Collected data:

::::::::

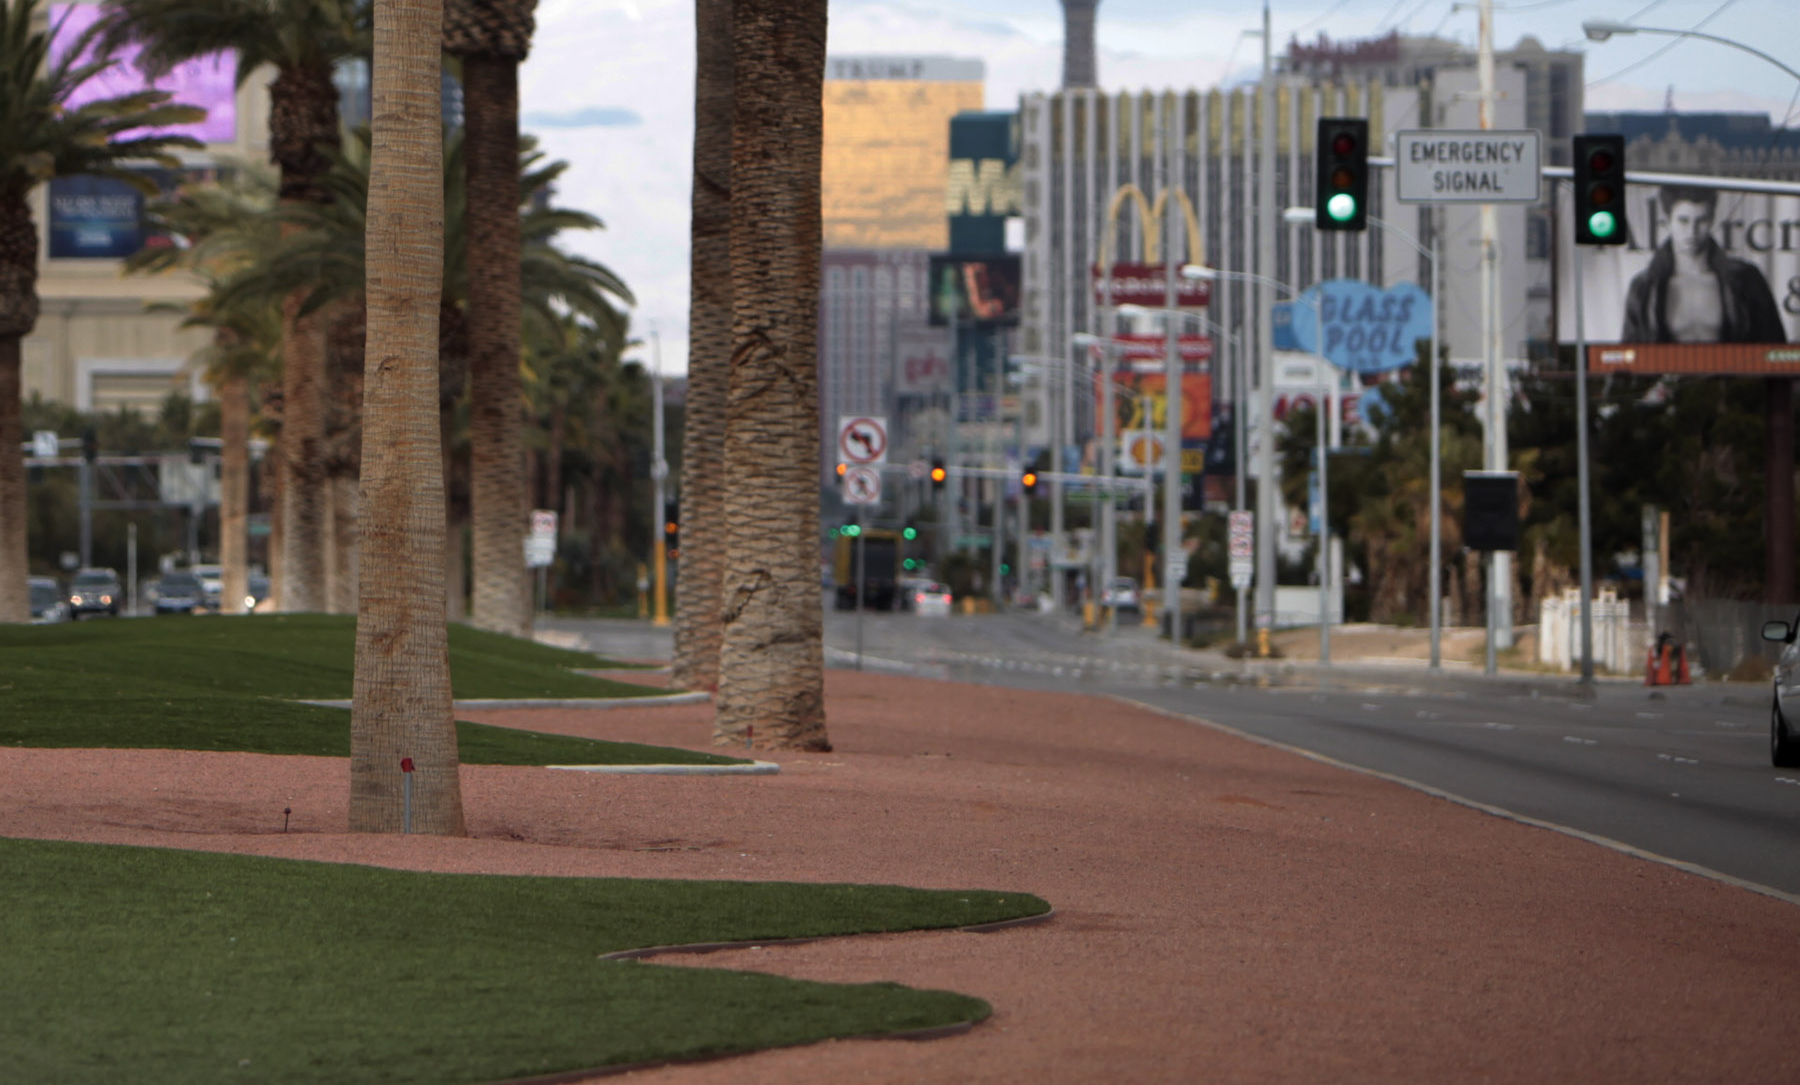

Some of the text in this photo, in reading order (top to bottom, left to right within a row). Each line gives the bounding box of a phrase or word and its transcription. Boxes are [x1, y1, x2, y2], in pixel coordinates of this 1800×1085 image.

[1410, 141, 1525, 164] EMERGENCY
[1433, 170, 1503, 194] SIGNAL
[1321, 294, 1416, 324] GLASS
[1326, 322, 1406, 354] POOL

::::::::

Exercise instructions: The records above must be echoed exactly, minus their pictures.

Task output:
Some of the text in this photo, in reading order (top to bottom, left to right within a row). Each line gives the bounding box of a phrase or word and its transcription. Boxes are [x1, y1, x2, y2], in pixel coordinates of this 1800×1085 image.

[1410, 141, 1525, 164] EMERGENCY
[1433, 170, 1503, 194] SIGNAL
[1321, 294, 1416, 324] GLASS
[1326, 322, 1406, 354] POOL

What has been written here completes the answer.